(Problem statement): Please return the listing exactly as it stands, skipping any pictures.

(Listed entries):

========================

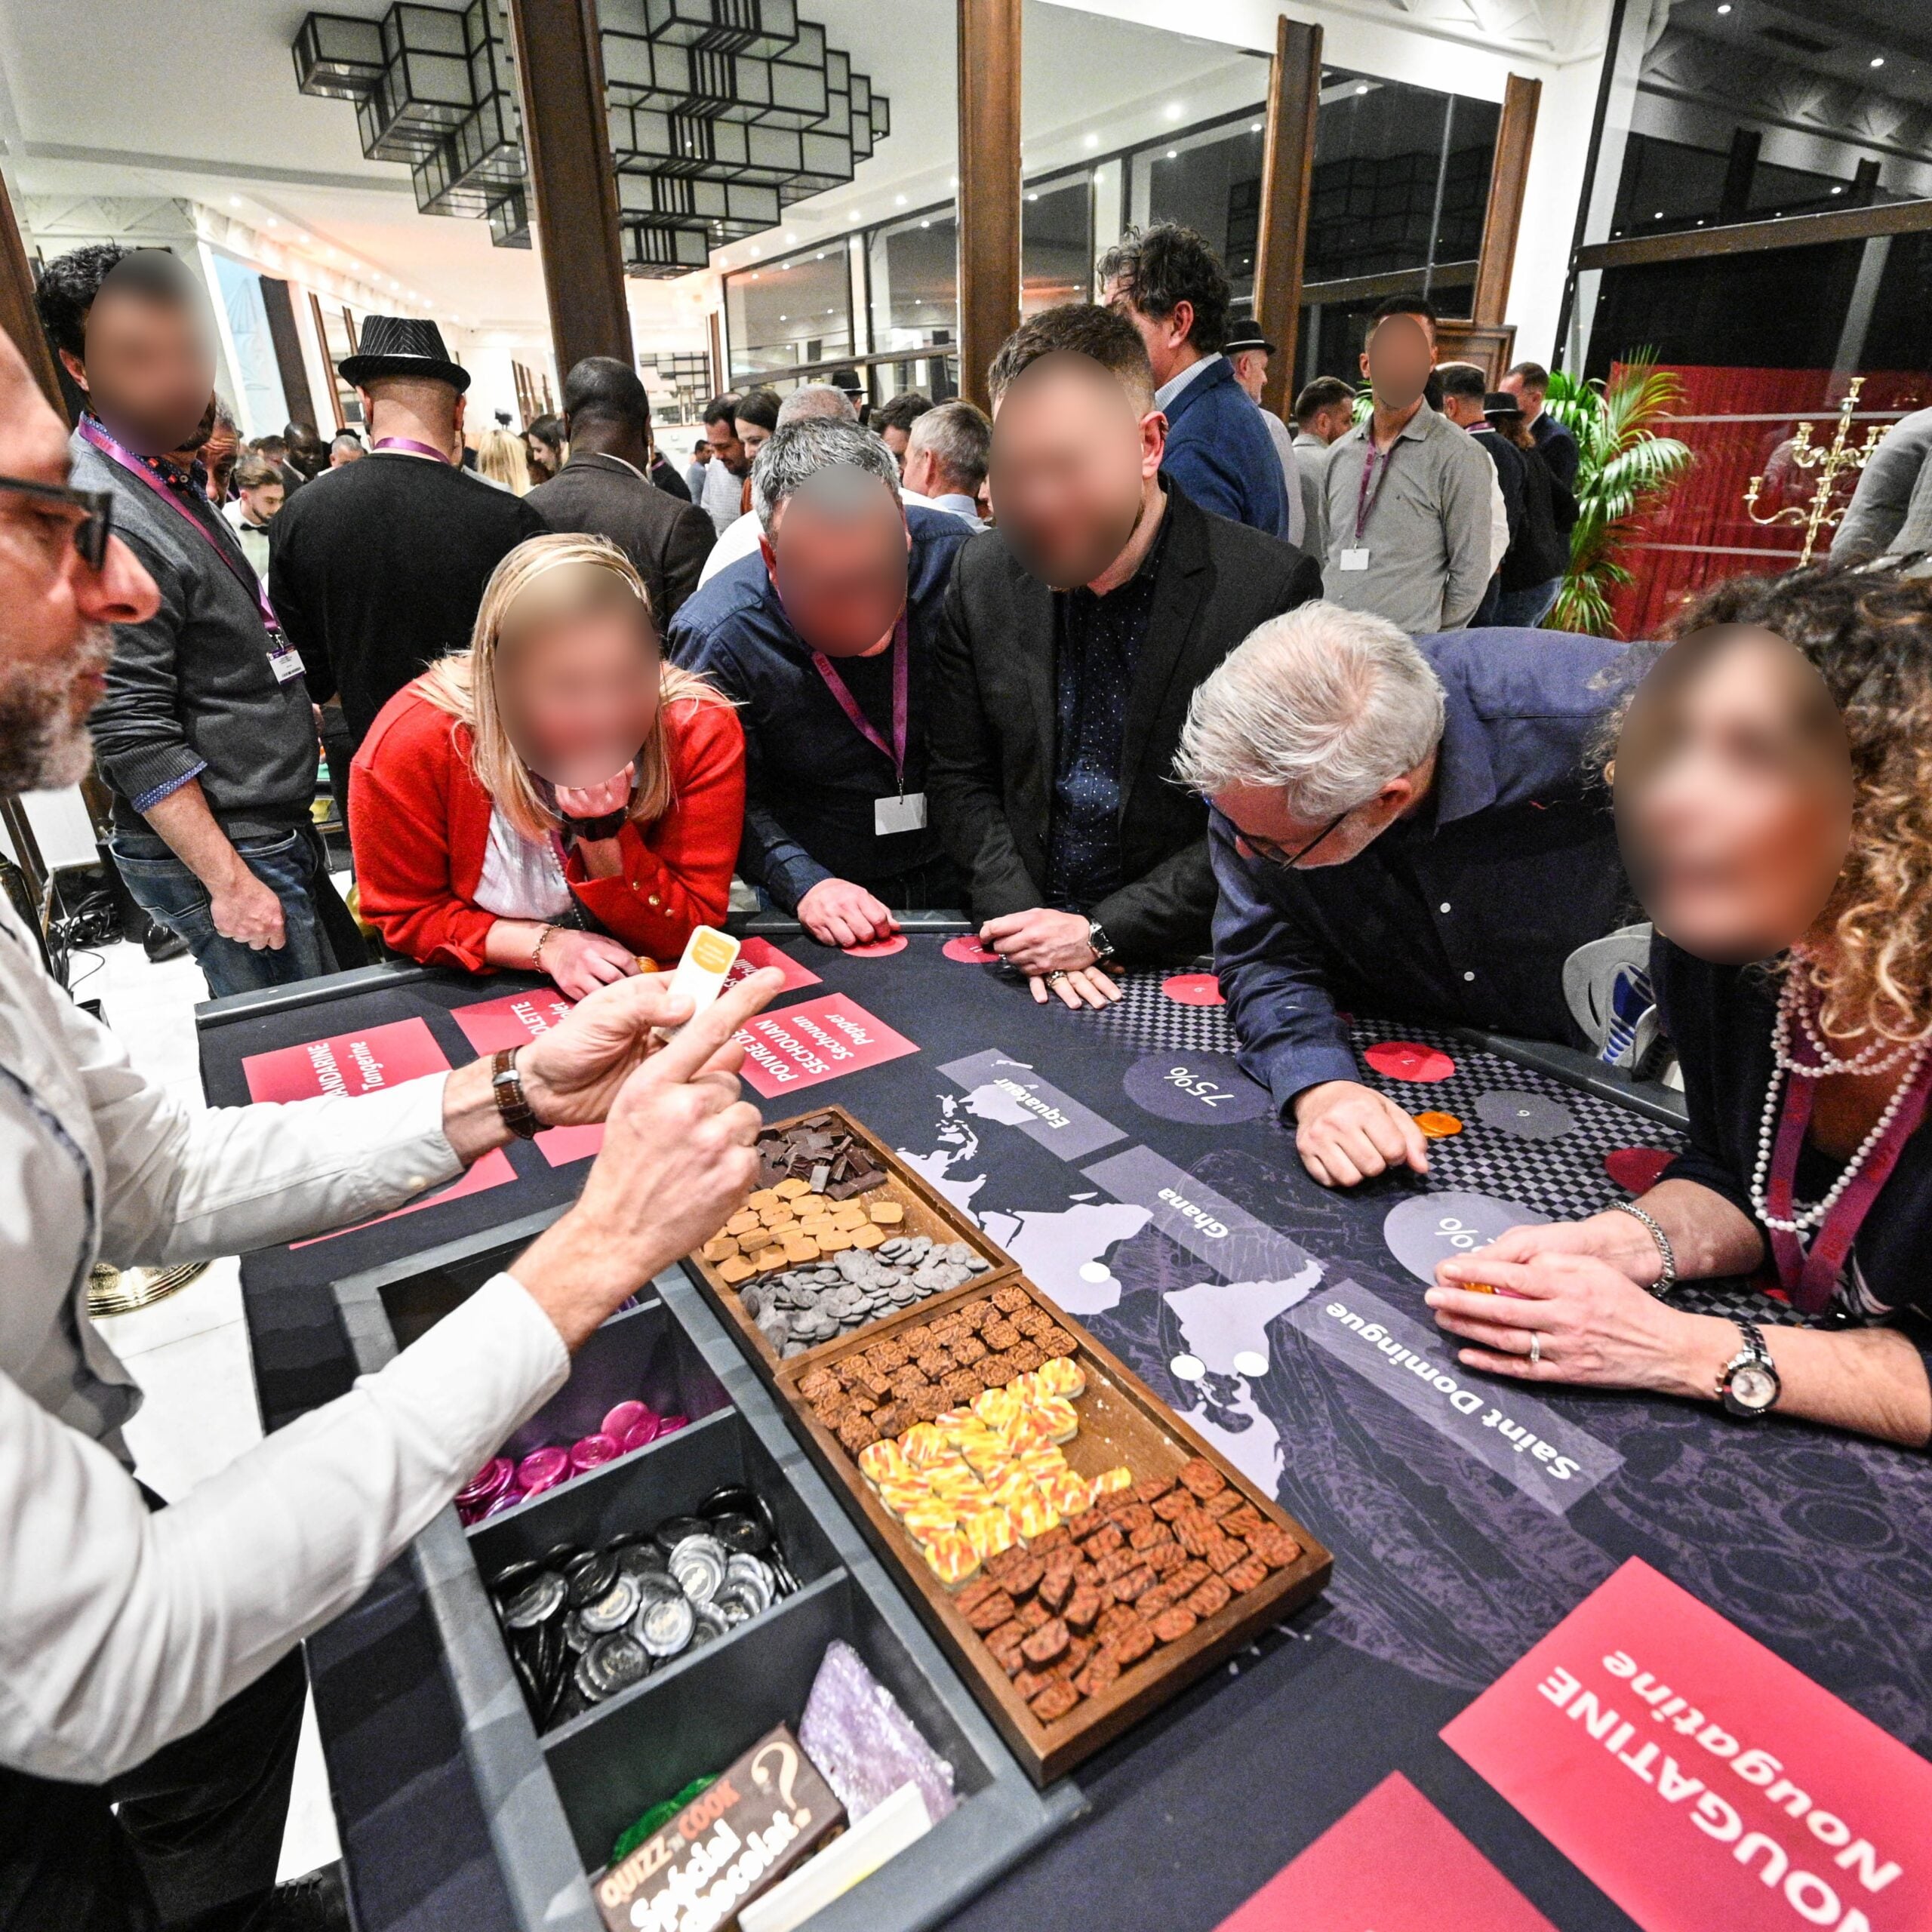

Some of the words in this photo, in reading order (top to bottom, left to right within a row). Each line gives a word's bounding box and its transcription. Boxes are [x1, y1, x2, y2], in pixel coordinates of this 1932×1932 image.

[510, 1001, 549, 1035] OLETTE
[792, 1016, 854, 1060] Sechouan
[825, 1014, 875, 1045] Pepper
[306, 1042, 349, 1097] ANDARINE
[348, 1041, 385, 1091] Tangerine
[743, 1042, 799, 1082] POIVRE
[755, 1019, 831, 1075] SECHOUAN
[992, 1078, 1071, 1129] Equateur
[1164, 1066, 1235, 1107] 75%
[1158, 1187, 1229, 1238] Ghana
[1325, 1302, 1484, 1415] Domingue
[1481, 1407, 1581, 1480] Saint
[1601, 1650, 1903, 1894] Nougatine
[601, 1835, 673, 1907] QUIZZ
[678, 1780, 741, 1840] COOK
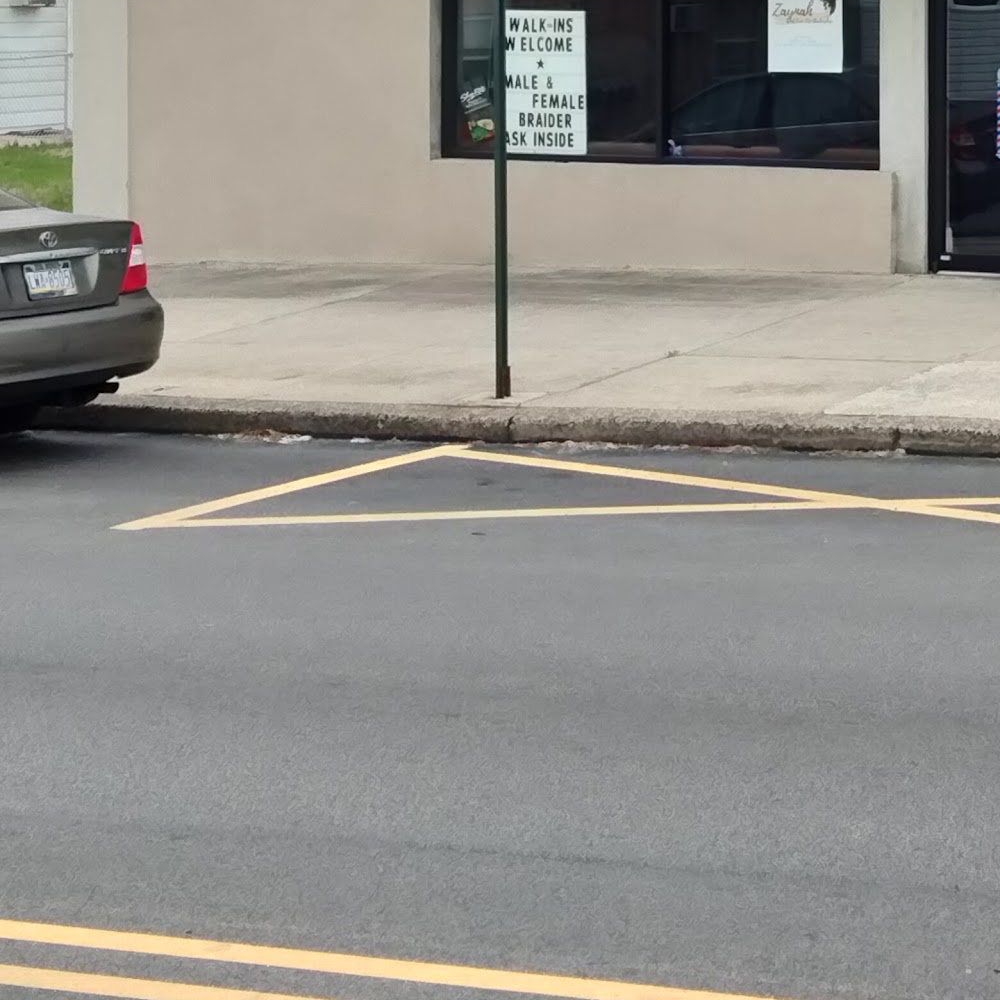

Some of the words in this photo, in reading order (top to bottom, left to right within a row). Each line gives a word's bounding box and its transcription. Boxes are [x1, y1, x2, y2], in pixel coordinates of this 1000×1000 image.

[509, 17, 574, 33] WALK-INS
[505, 36, 573, 52] WELCOME
[546, 76, 554, 90] &
[532, 93, 585, 110] FEMALE
[519, 112, 573, 129] BRAIDER
[533, 132, 575, 148] INSIDE
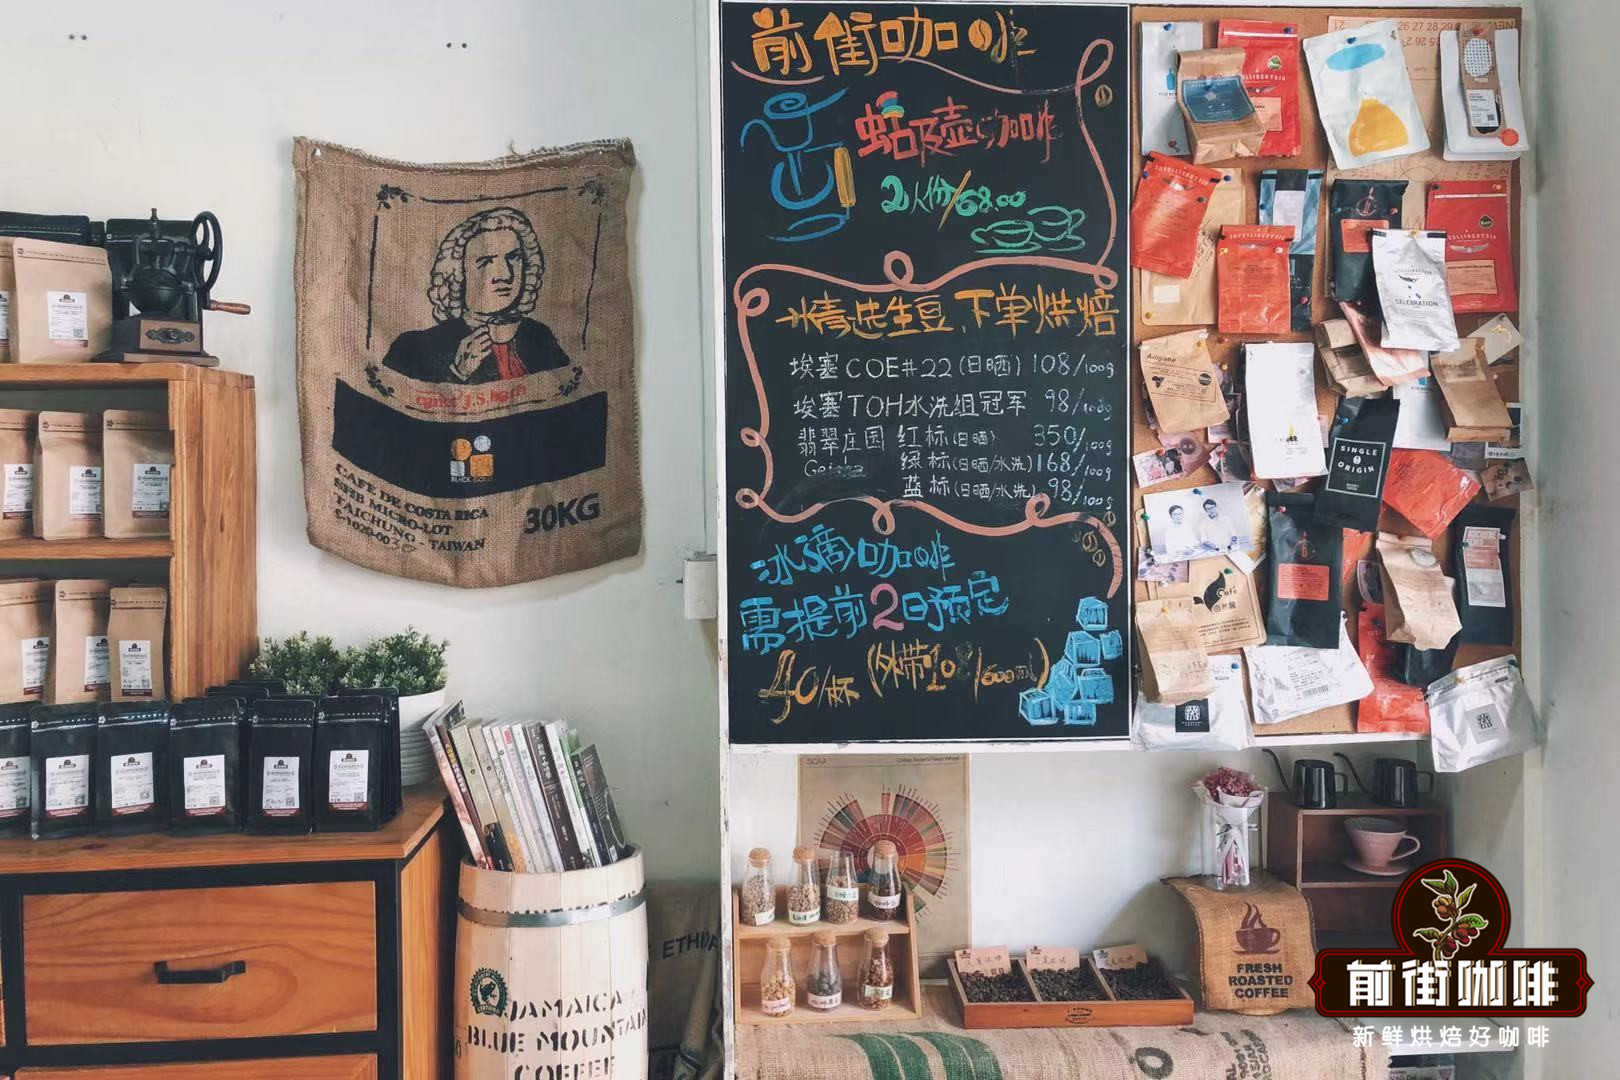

========================

(Answer box):
Some of the words in this photo, in reading order (top to bottom, left to right within a row). Each line gives a word's bounding box and its transcription. Boxes are [x1, y1, x2, y2], in pixel coordinates of this 1932×1932 image.

[510, 1001, 549, 1035] OLETTE
[792, 1016, 854, 1060] Sechouan
[825, 1014, 875, 1045] Pepper
[306, 1042, 349, 1097] ANDARINE
[348, 1041, 385, 1091] Tangerine
[743, 1042, 799, 1082] POIVRE
[755, 1019, 831, 1075] SECHOUAN
[992, 1078, 1071, 1129] Equateur
[1164, 1066, 1235, 1107] 75%
[1158, 1187, 1229, 1238] Ghana
[1325, 1302, 1484, 1415] Domingue
[1481, 1407, 1581, 1480] Saint
[1601, 1650, 1903, 1894] Nougatine
[601, 1835, 673, 1907] QUIZZ
[678, 1780, 741, 1840] COOK

Some of the words in this photo, in reading order (top to bottom, left to right within a row). Each line gives a word's bounding box and its transcription. Boxes are [x1, y1, x2, y2], in pixel coordinates of this 1000×1000 image.

[509, 17, 574, 33] WALK-INS
[505, 36, 573, 52] WELCOME
[546, 76, 554, 90] &
[532, 93, 585, 110] FEMALE
[519, 112, 573, 129] BRAIDER
[533, 132, 575, 148] INSIDE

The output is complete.